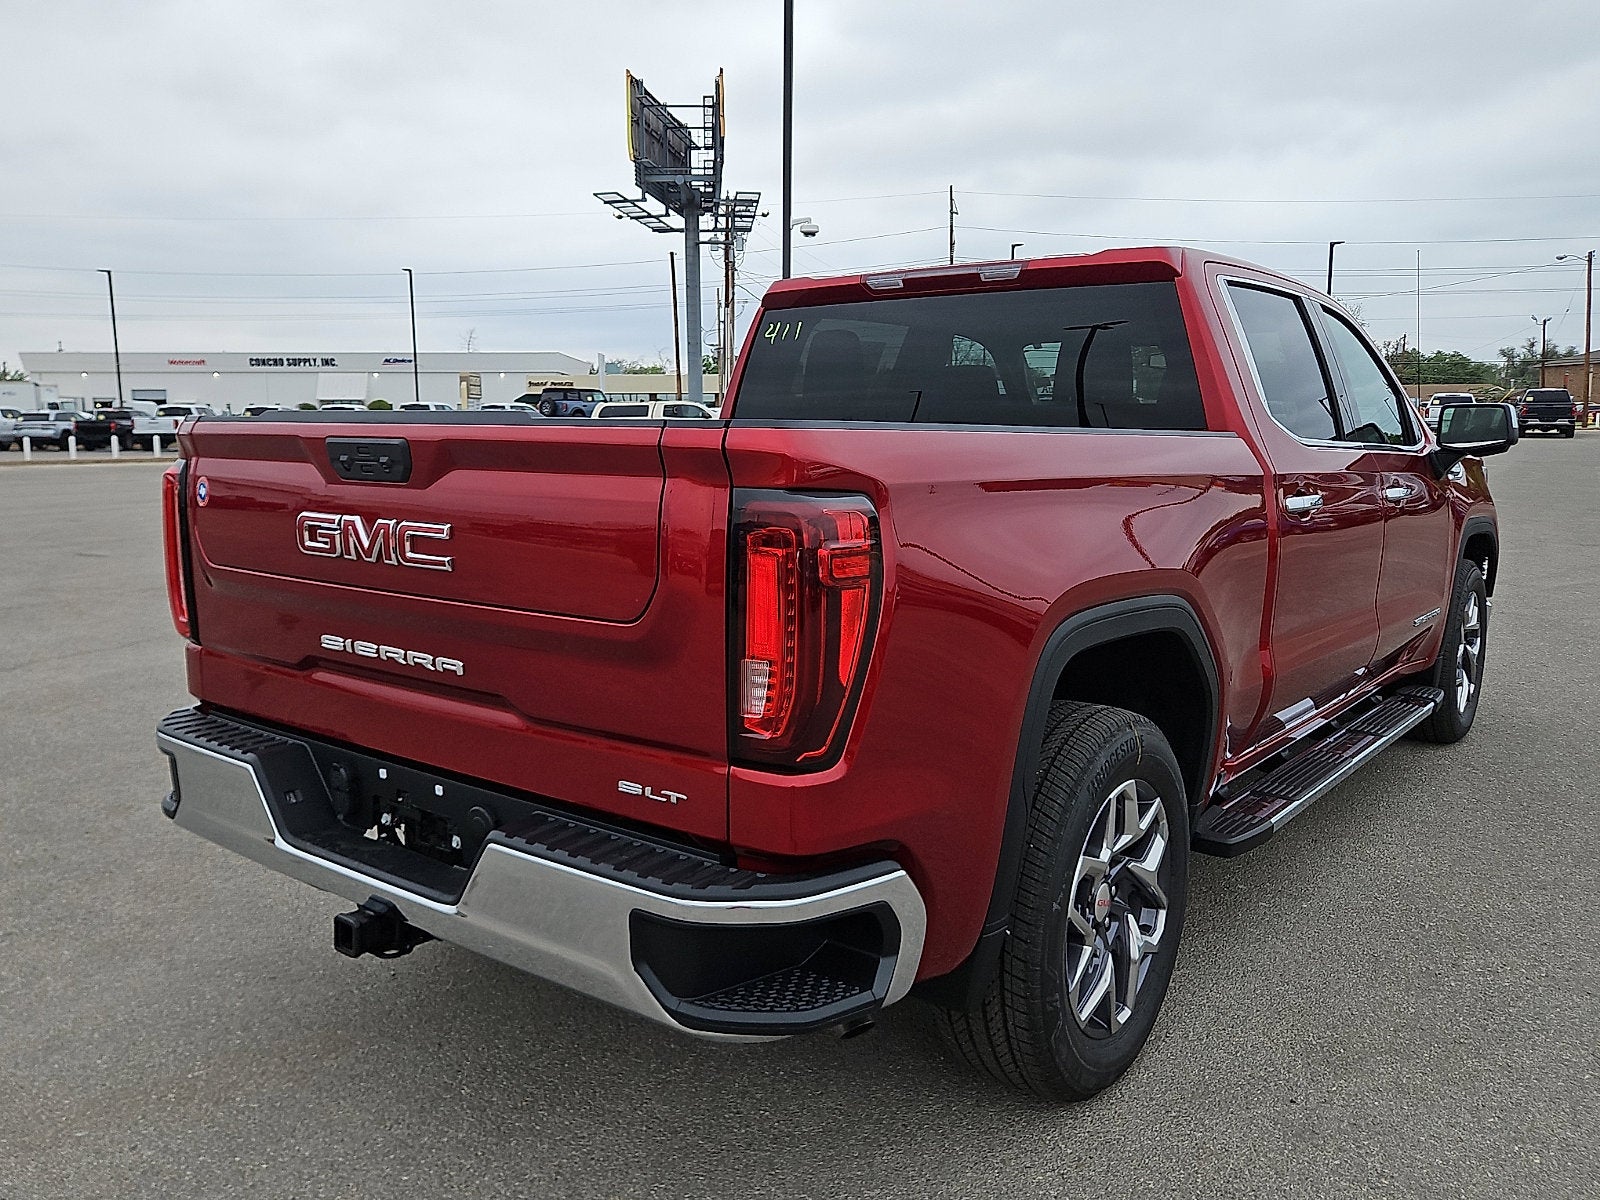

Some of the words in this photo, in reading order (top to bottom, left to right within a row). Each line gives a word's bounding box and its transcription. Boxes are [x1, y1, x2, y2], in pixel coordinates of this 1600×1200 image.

[765, 321, 803, 345] 411
[249, 357, 285, 368] CONCHO
[285, 357, 320, 368] SUPPLY,
[320, 357, 338, 368] INC.
[296, 511, 454, 572] GMC
[320, 633, 465, 676] SIERRA
[617, 780, 688, 804] SLT
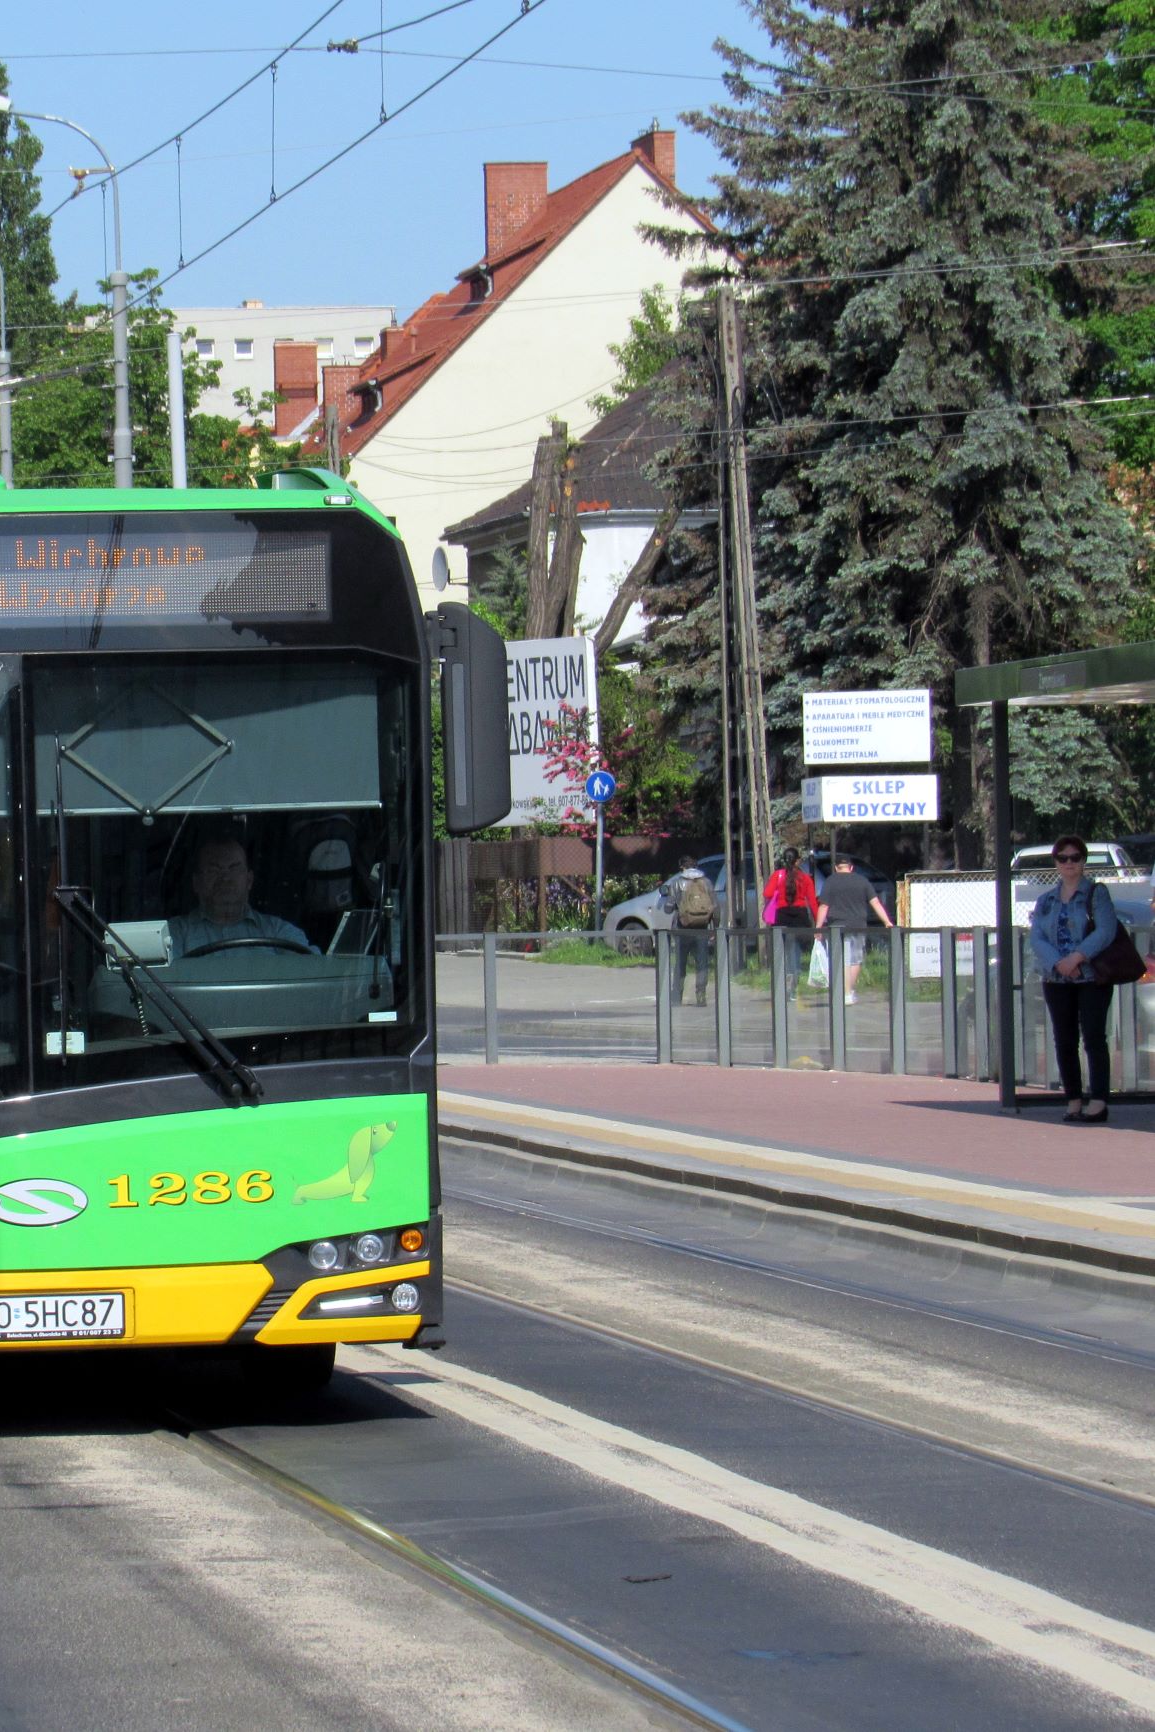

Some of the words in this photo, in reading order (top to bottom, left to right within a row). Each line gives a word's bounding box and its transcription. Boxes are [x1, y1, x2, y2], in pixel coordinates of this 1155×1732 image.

[506, 653, 586, 702] ENTRUM
[855, 696, 925, 705] STOMATOLOGICZNE
[812, 712, 855, 720] APARATURA
[887, 710, 925, 718] MEDYCZNE
[812, 738, 860, 746] GLUKOMETRY
[840, 750, 879, 759] SZPITALNA
[852, 780, 905, 795] SKLEP
[832, 802, 926, 817] MEDYCZNY
[107, 1169, 274, 1209] 1286
[24, 1298, 115, 1329] 5HC87
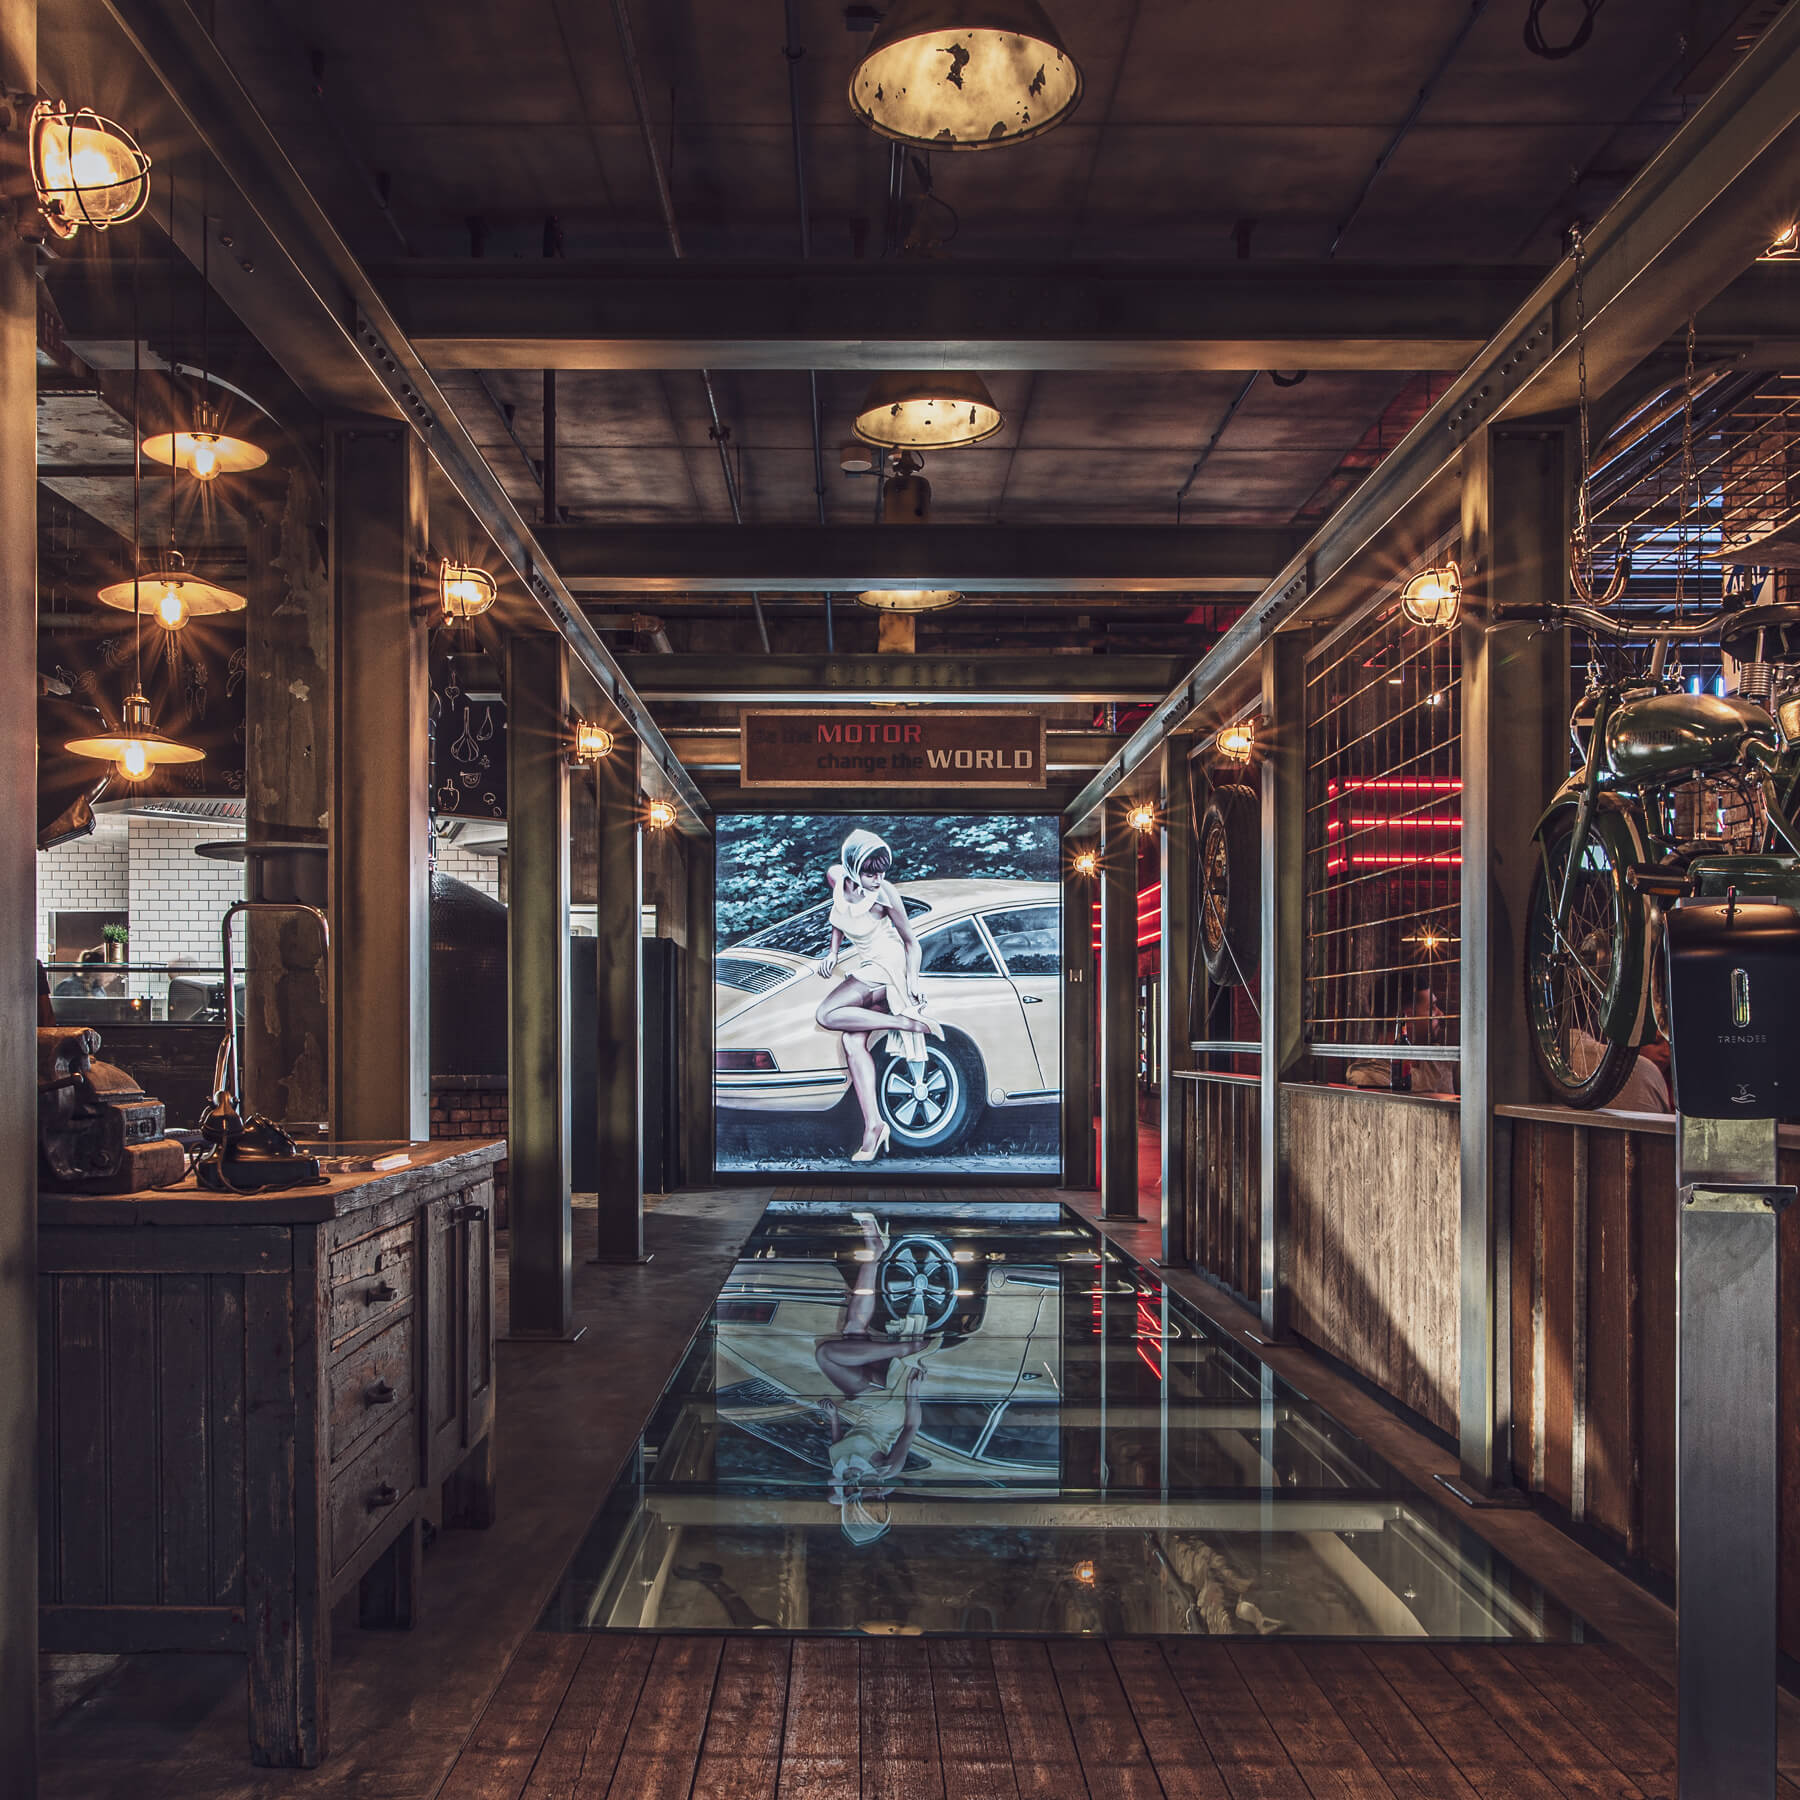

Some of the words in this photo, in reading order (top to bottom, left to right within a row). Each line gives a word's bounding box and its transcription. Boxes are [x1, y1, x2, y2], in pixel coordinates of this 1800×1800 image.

_What the task asks_. Could you transcribe the records above exactly, leaving out any pictures?

_Answer below_.
Some of the words in this photo, in reading order (top to bottom, left to right within a row). Each line gives a word's bounding box and its transcription. Boxes are [x1, y1, x2, y2], in pixel coordinates of this 1600×1200 image.

[765, 321, 803, 345] 411
[249, 357, 285, 368] CONCHO
[285, 357, 320, 368] SUPPLY,
[320, 357, 338, 368] INC.
[296, 511, 454, 572] GMC
[320, 633, 465, 676] SIERRA
[617, 780, 688, 804] SLT

Some of the words in this photo, in reading order (top to bottom, left to right within a row). Each line gives a word's bounding box and its transcription. Boxes are [x1, y1, x2, y2], in pixel coordinates of this 1155×1732 image.

[506, 653, 586, 702] ENTRUM
[855, 696, 925, 705] STOMATOLOGICZNE
[812, 712, 855, 720] APARATURA
[887, 710, 925, 718] MEDYCZNE
[812, 738, 860, 746] GLUKOMETRY
[840, 750, 879, 759] SZPITALNA
[852, 780, 905, 795] SKLEP
[832, 802, 926, 817] MEDYCZNY
[107, 1169, 274, 1209] 1286
[24, 1298, 115, 1329] 5HC87

Some of the words in this photo, in reading order (top to bottom, left to right within a row). Each line gives a word's bounding box and its transcription. Boxes are [x1, y1, x2, y2], in pixel coordinates of this 1800×1800 image.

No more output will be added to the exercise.